■ REQUIREMENT
Write every entry out again with no changes, and leave the images behind.
===== RECORDS FOR THE TASK =====
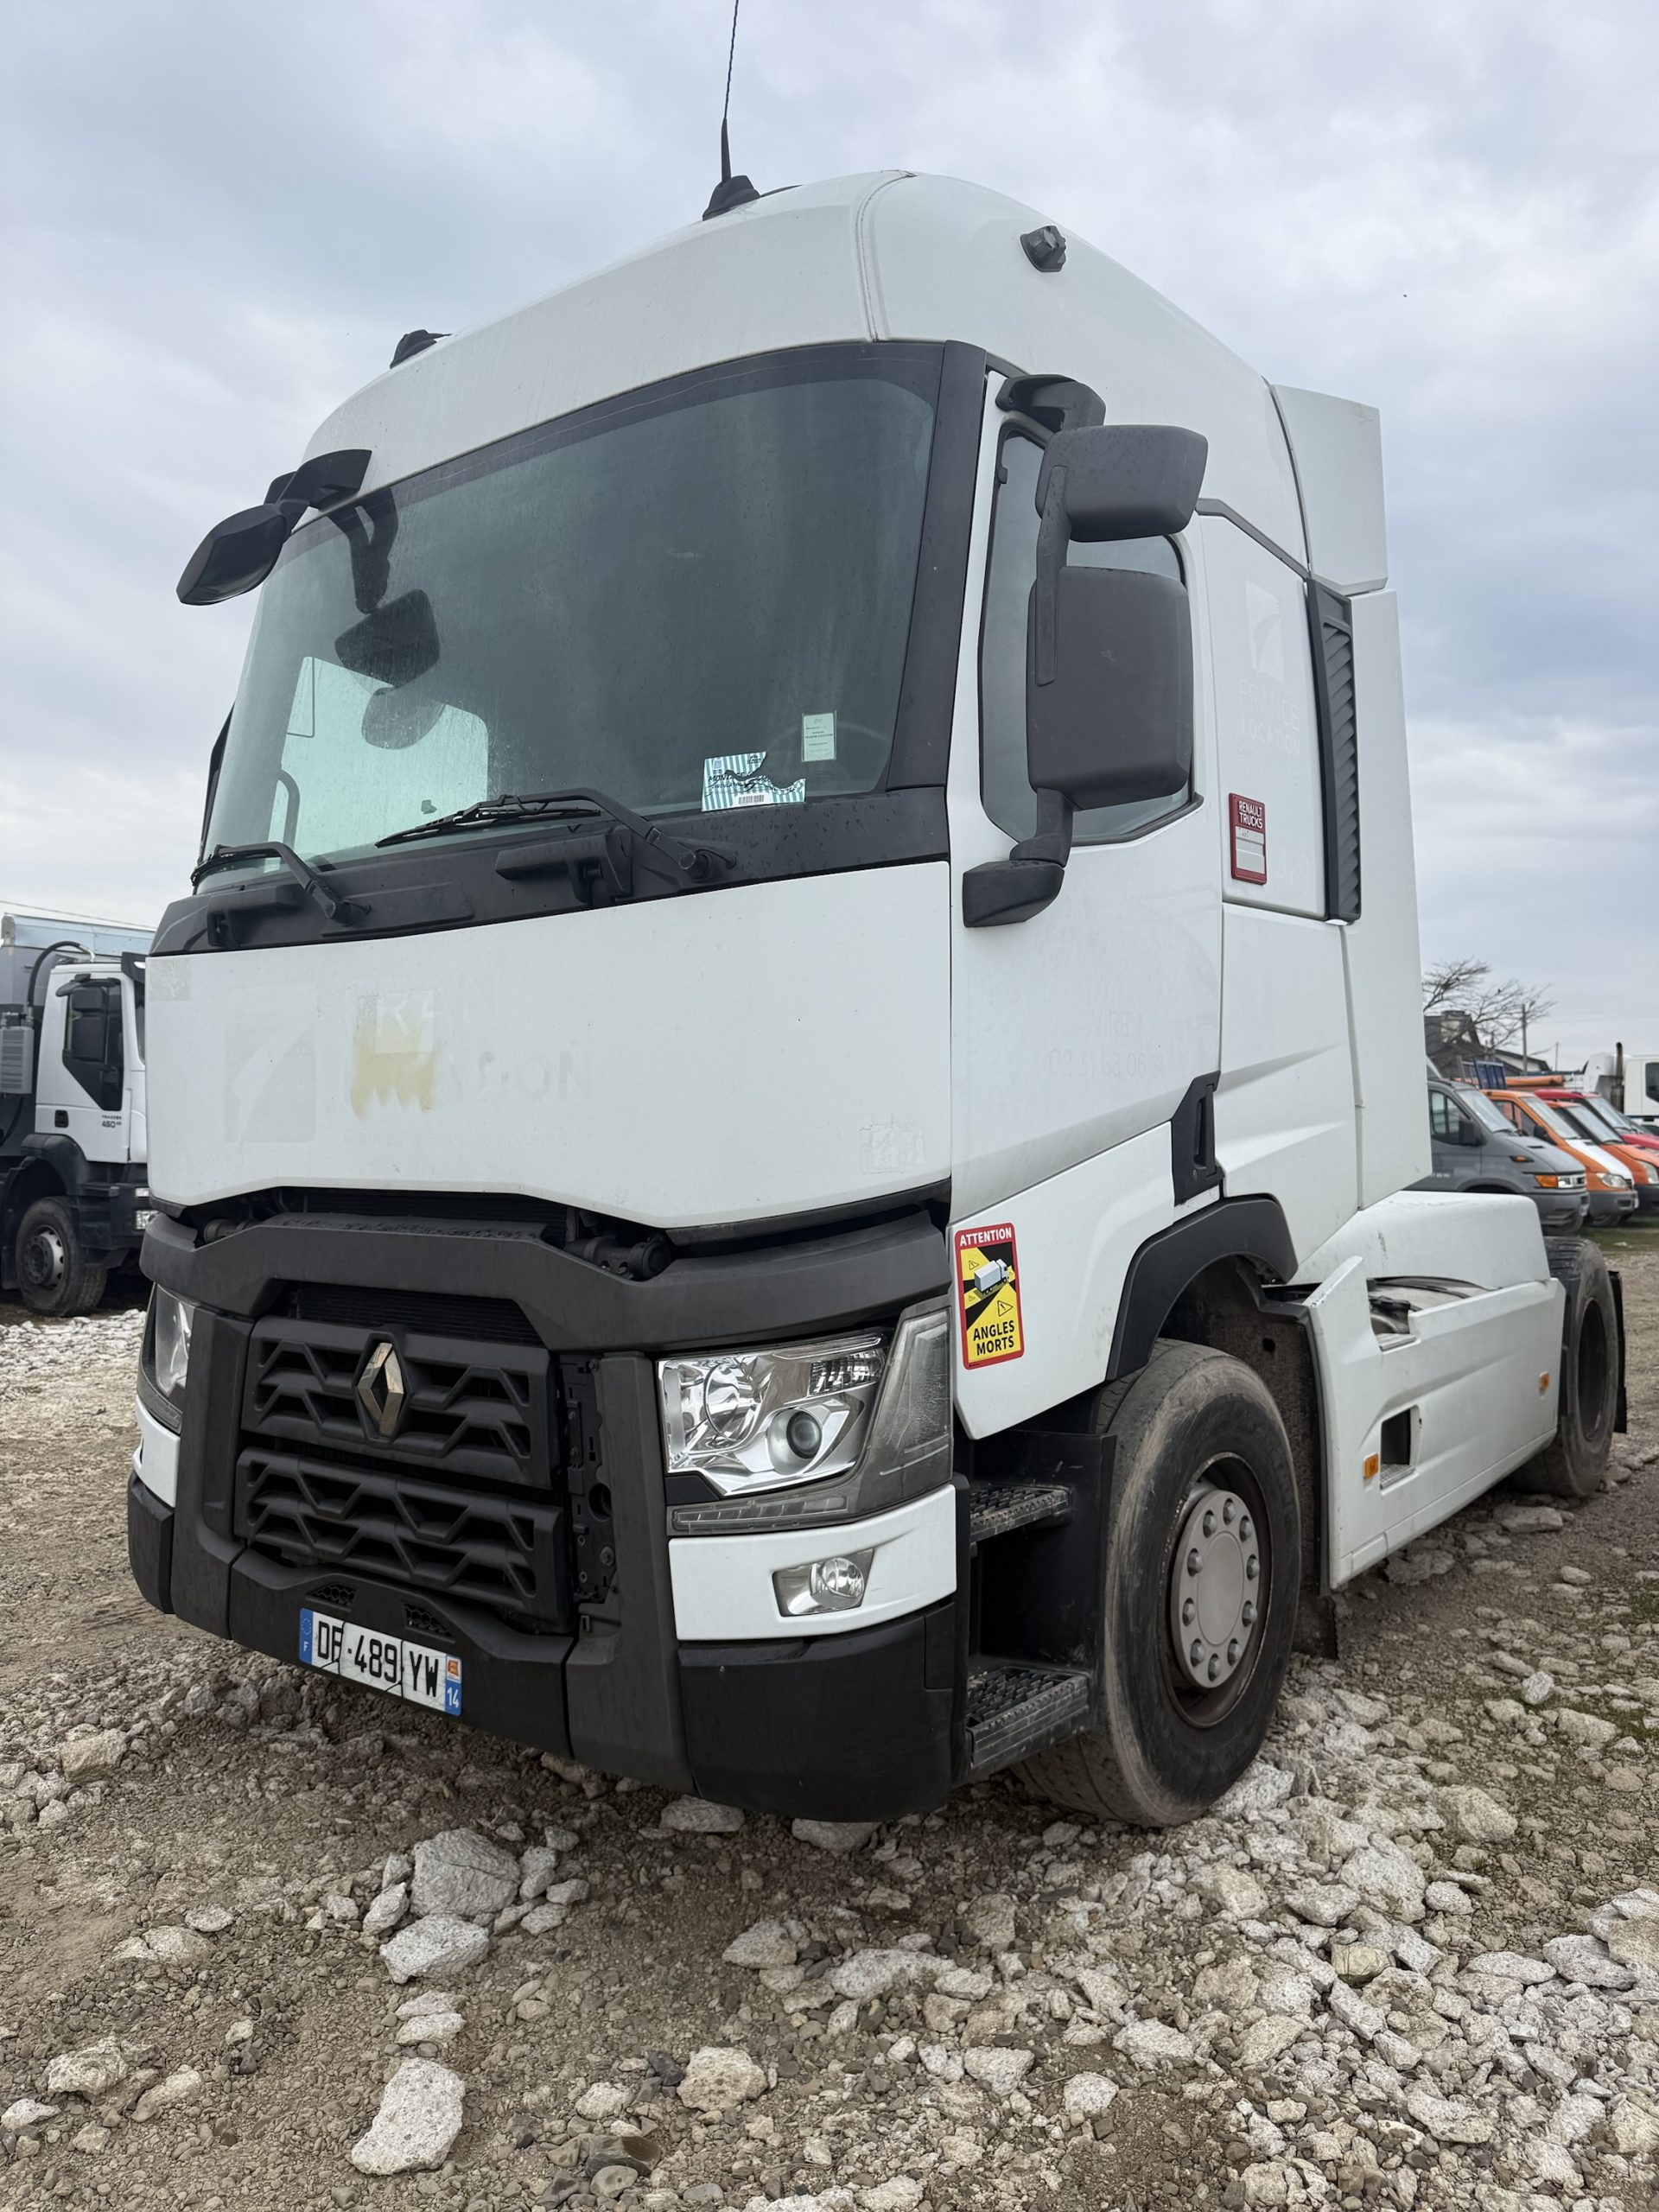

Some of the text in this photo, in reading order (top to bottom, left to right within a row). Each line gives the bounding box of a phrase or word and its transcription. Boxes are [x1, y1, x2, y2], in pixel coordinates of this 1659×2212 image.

[1239, 800, 1262, 817] RENAULT
[1239, 812, 1263, 830] TRUCKS
[959, 1227, 1013, 1247] ATTENTION
[973, 1319, 1015, 1342] ANGLES
[976, 1335, 1015, 1356] MORTS
[303, 1641, 309, 1651] F
[447, 1687, 460, 1708] 14
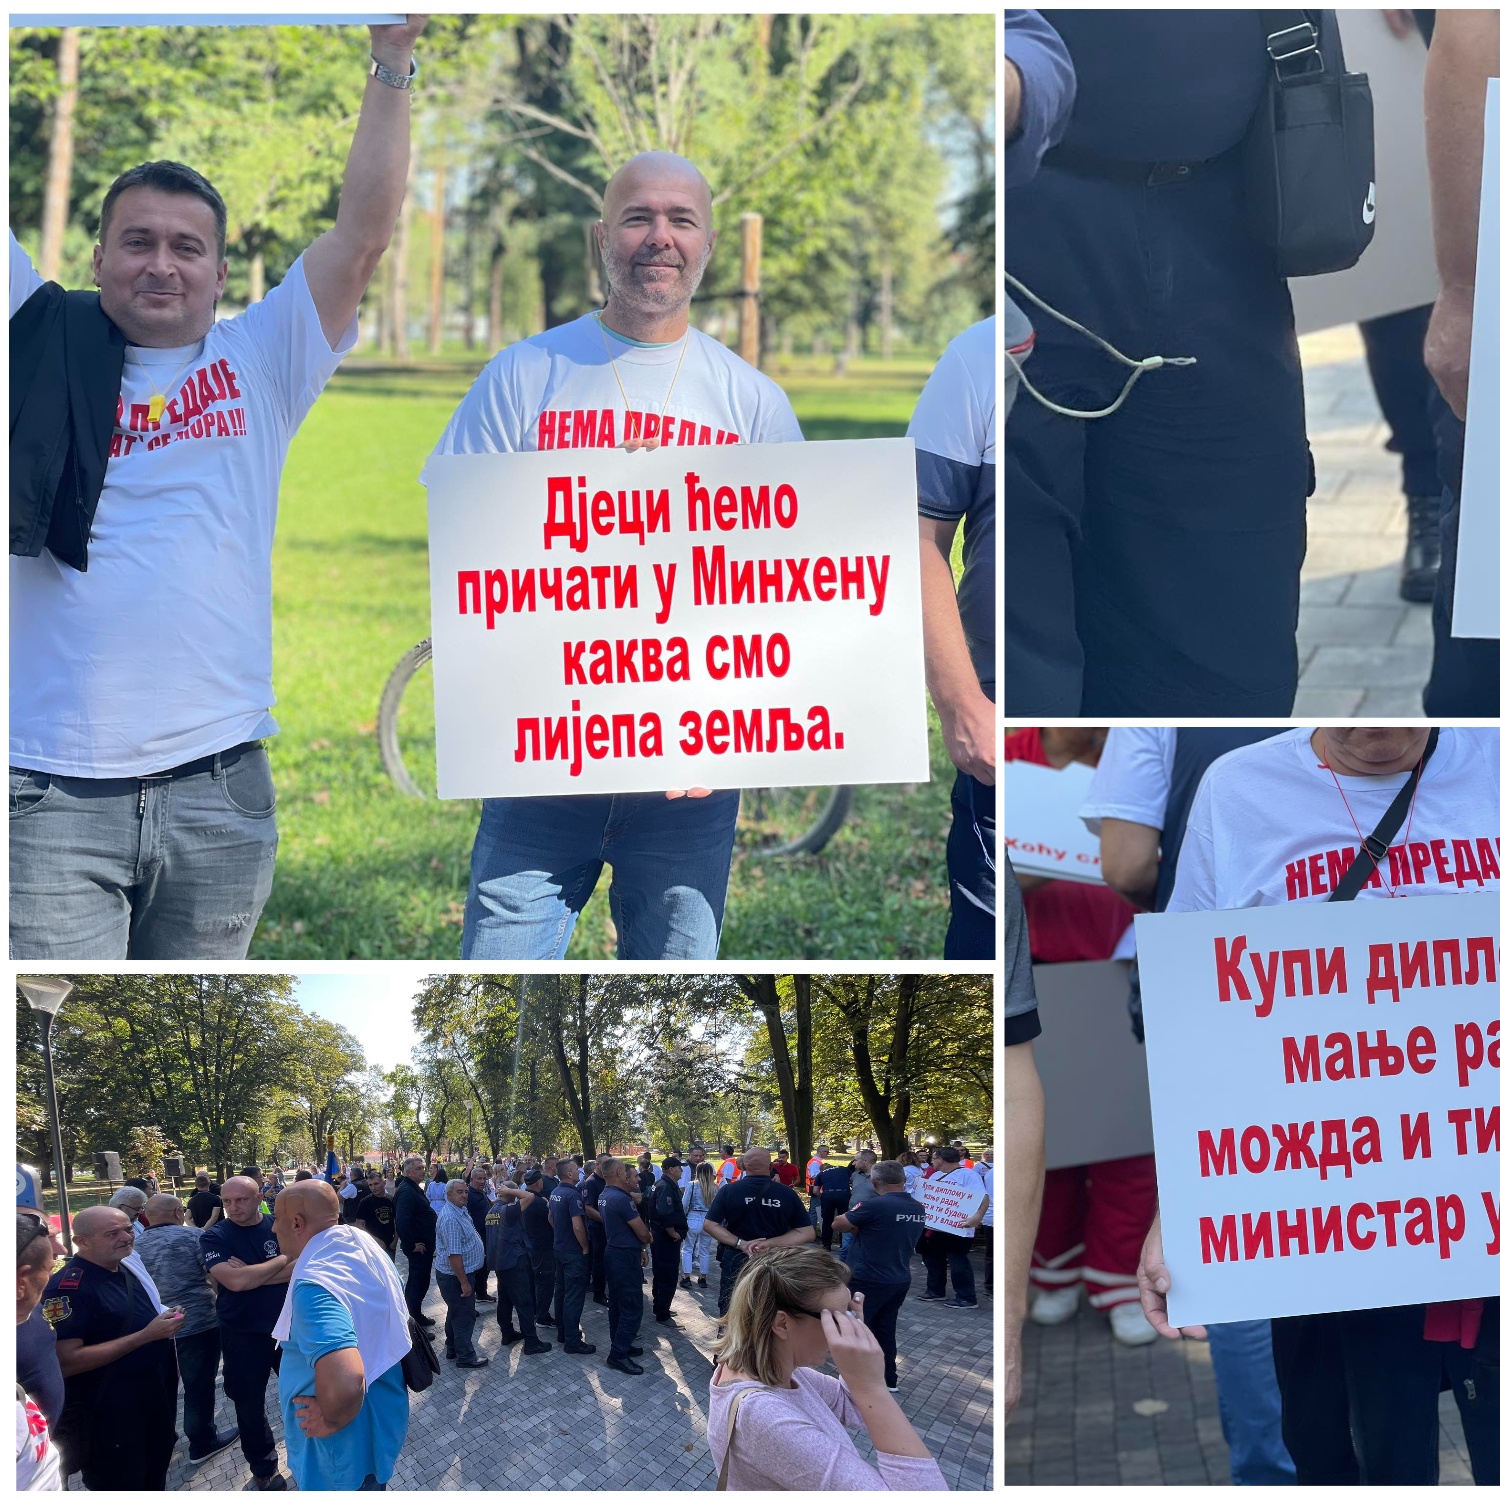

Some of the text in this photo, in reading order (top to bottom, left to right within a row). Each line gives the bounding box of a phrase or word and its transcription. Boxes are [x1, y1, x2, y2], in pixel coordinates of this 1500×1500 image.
=====
■ SOLUTION FOR THIS EXERCISE
Some of the text in this photo, in reading order (top to bottom, left to right within a row). Each line gives the bounding box of a phrase or word and its transcription. Boxes are [x1, y1, x2, y2], in pixel coordinates of this 1659×2212 image.

[1239, 800, 1262, 817] RENAULT
[1239, 812, 1263, 830] TRUCKS
[959, 1227, 1013, 1247] ATTENTION
[973, 1319, 1015, 1342] ANGLES
[976, 1335, 1015, 1356] MORTS
[303, 1641, 309, 1651] F
[447, 1687, 460, 1708] 14

Some of the text in this photo, in reading order (top to bottom, left to right within a row). Each line gives the bounding box of a phrase or word and its transcription. Boxes are [x1, y1, x2, y2], in pixel coordinates of this 1500×1500 image.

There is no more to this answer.